Kai Ryssdal: The private equity firm Bain Capital did a little Columbus Day shopping today. They picked up the kids store, Gymboree, for $1.8 billion. That's a whole lotta activity classes and footie PJs, so we asked Marketplace's Alisa Roth to find out what makes the company worth a price like that.


Alisa Roth: Gymboree's biggest business is a middle-to-upper range kids clothing line. Think something like Gap Kids. But it also has a high-end line, and a relatively new lower-end one that competes with places like Old Navy.

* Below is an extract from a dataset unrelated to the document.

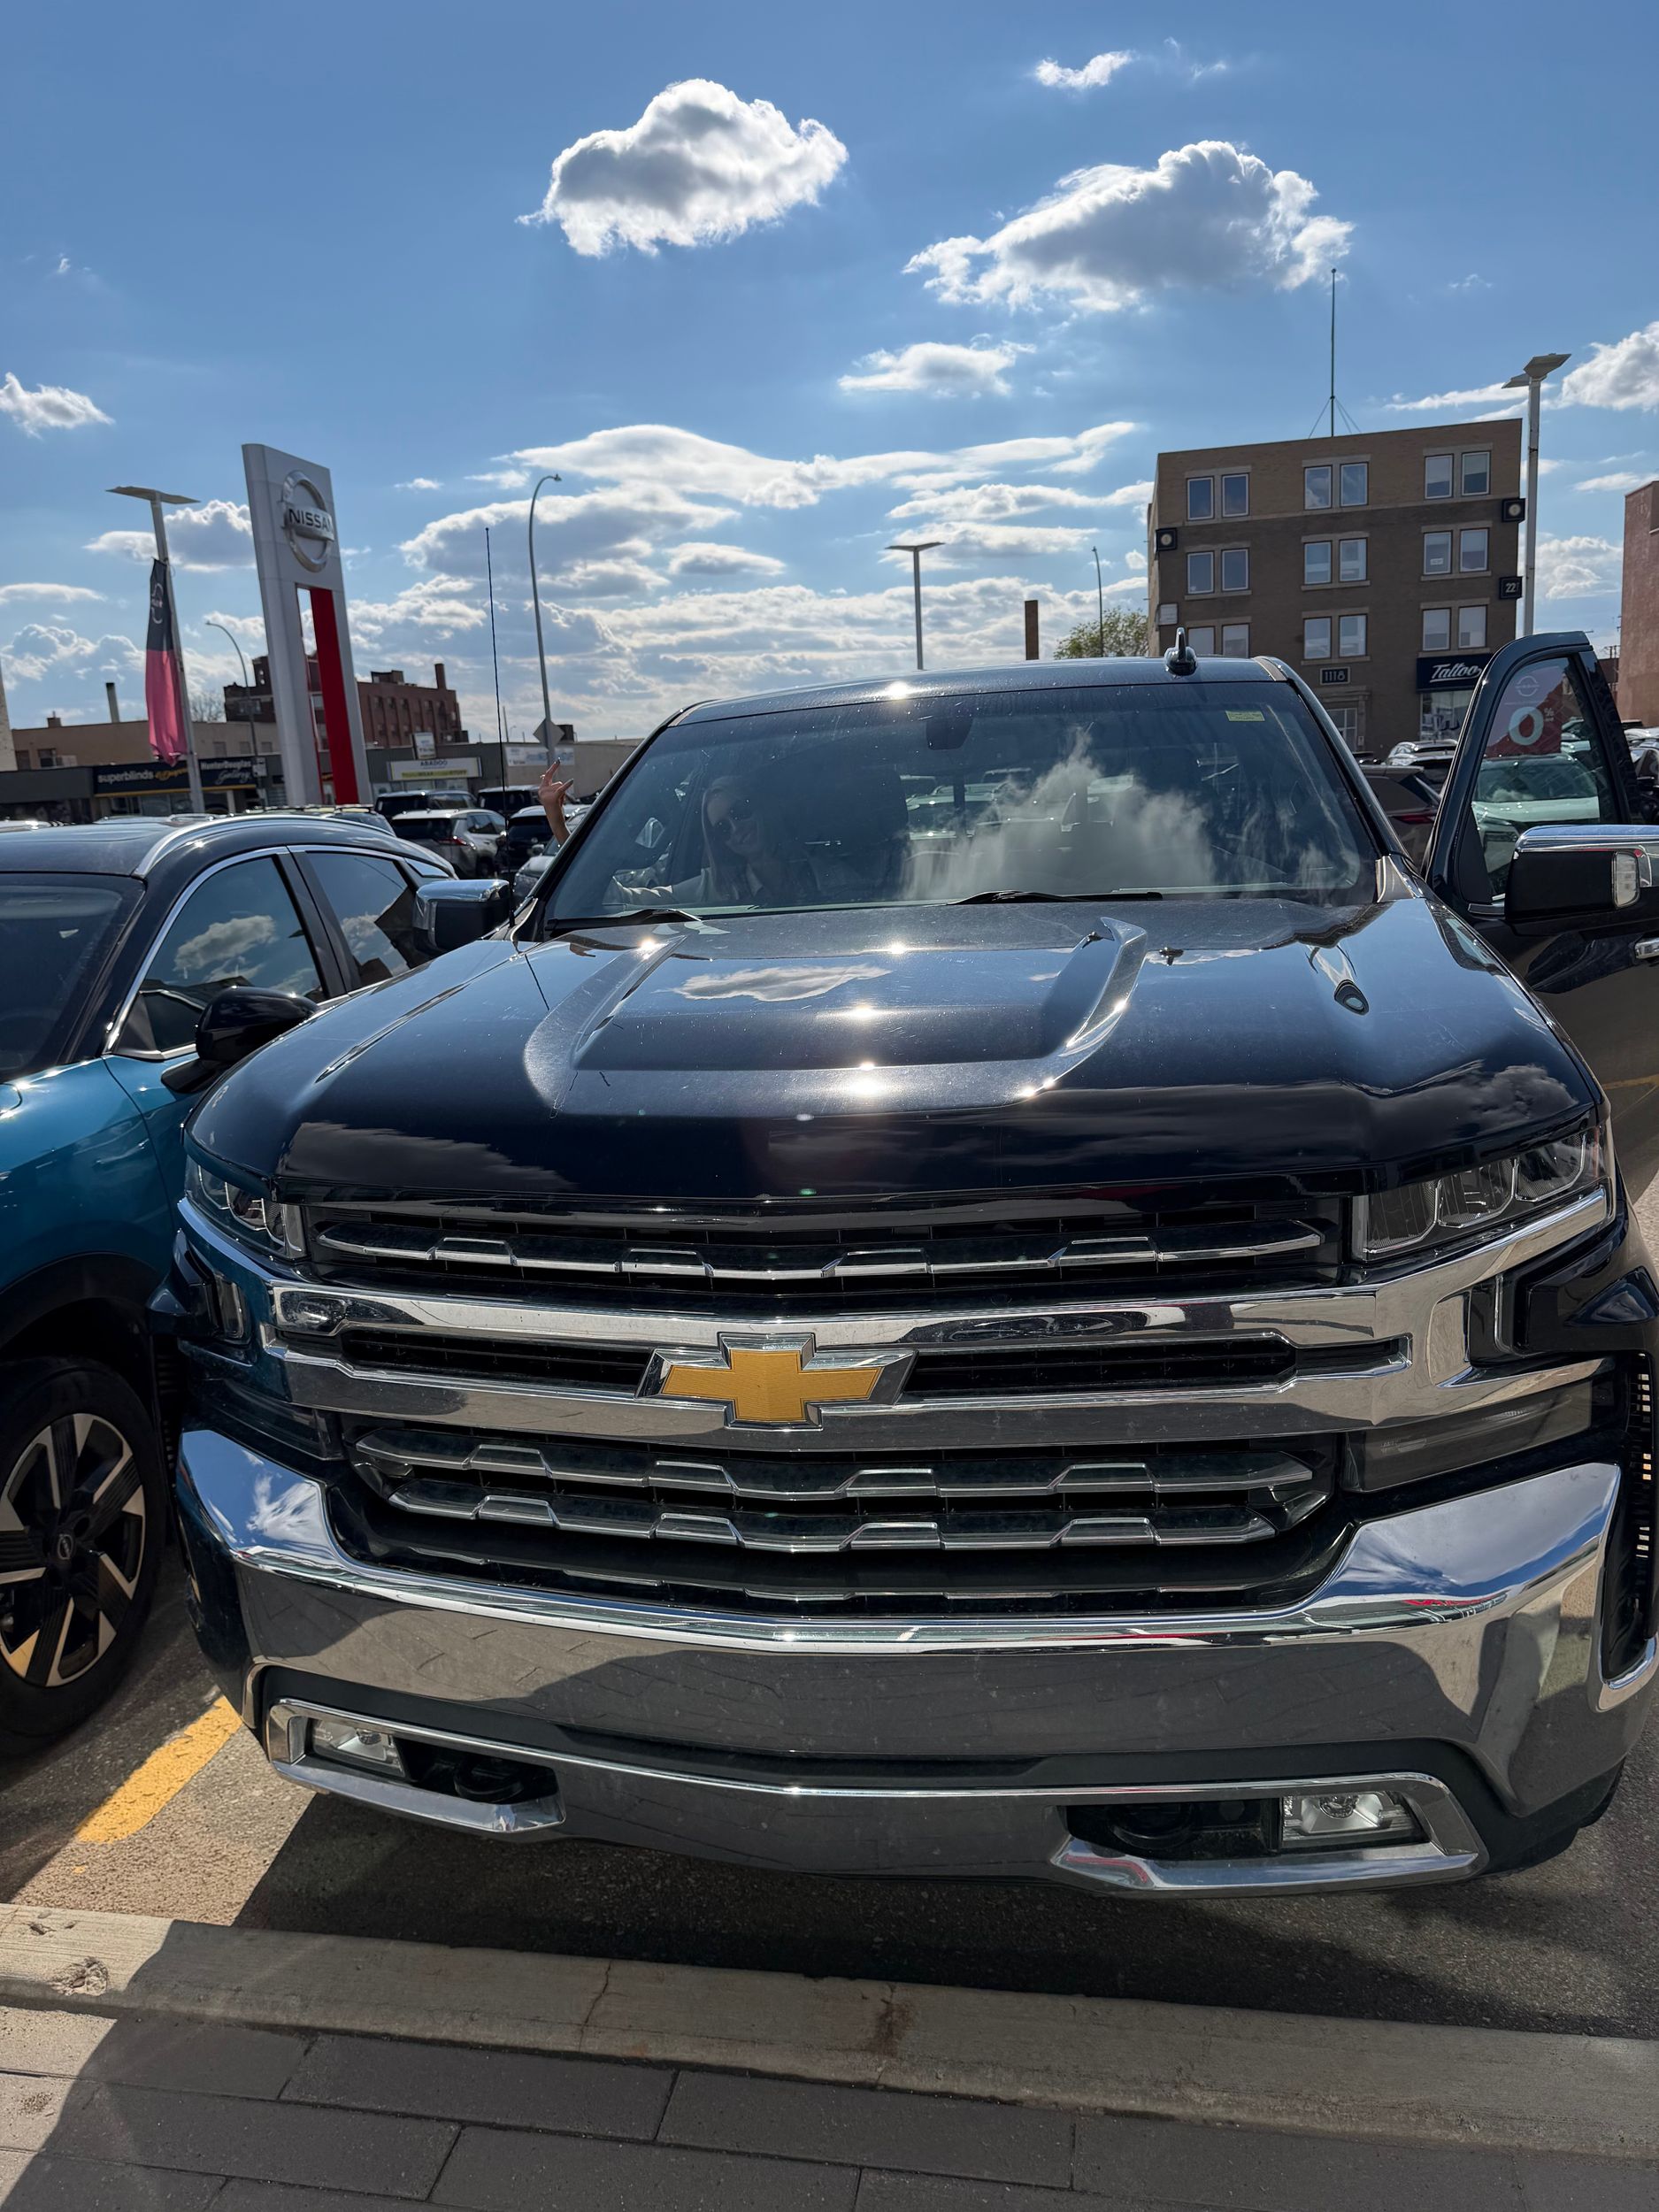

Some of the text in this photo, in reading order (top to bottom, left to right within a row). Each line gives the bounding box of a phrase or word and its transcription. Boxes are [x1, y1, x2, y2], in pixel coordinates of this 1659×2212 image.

[1325, 671, 1346, 681] 1118
[1431, 663, 1482, 681] Tattoo
[98, 770, 153, 784] superblinds

Betty Chen follows Gymboree at Wedbush Securities. She says at some competitors' stores, you get the feeling they've added kids' clothes just to make you spend more money there. She says investors like the idea that Gymboree is really all about the kids.

Betty Chen: There's a little area for you to sit your kids down, they can watch an educational program on TV, so that you can shop in peace. And it really tries to cater to the parents and the caregivers and making the shopping experience as easy as possible.

She says there are other things that make Gymboree attractive: The lower-end line is so new, there's lots of room to grow. And Gymboree recently started expanding overseas.

The other thing is kids always need more clothes because they're constantly growing.

Wendy Liebman is CEO of WSL Strategic Retail, which is a marketing and research firm. She says the kid's clothing business has been pretty recession-proof.

Wendy Liebman: The kids business in general -- babies, kids -- has been a business where parents have felt less-inclined to cut back, even in these tough times.

Gymboree has another month or so to solicit other offers. But if this deal goes through, it's expected to close by the end of the year.

In New York, I'm Alisa Roth for Marketplace.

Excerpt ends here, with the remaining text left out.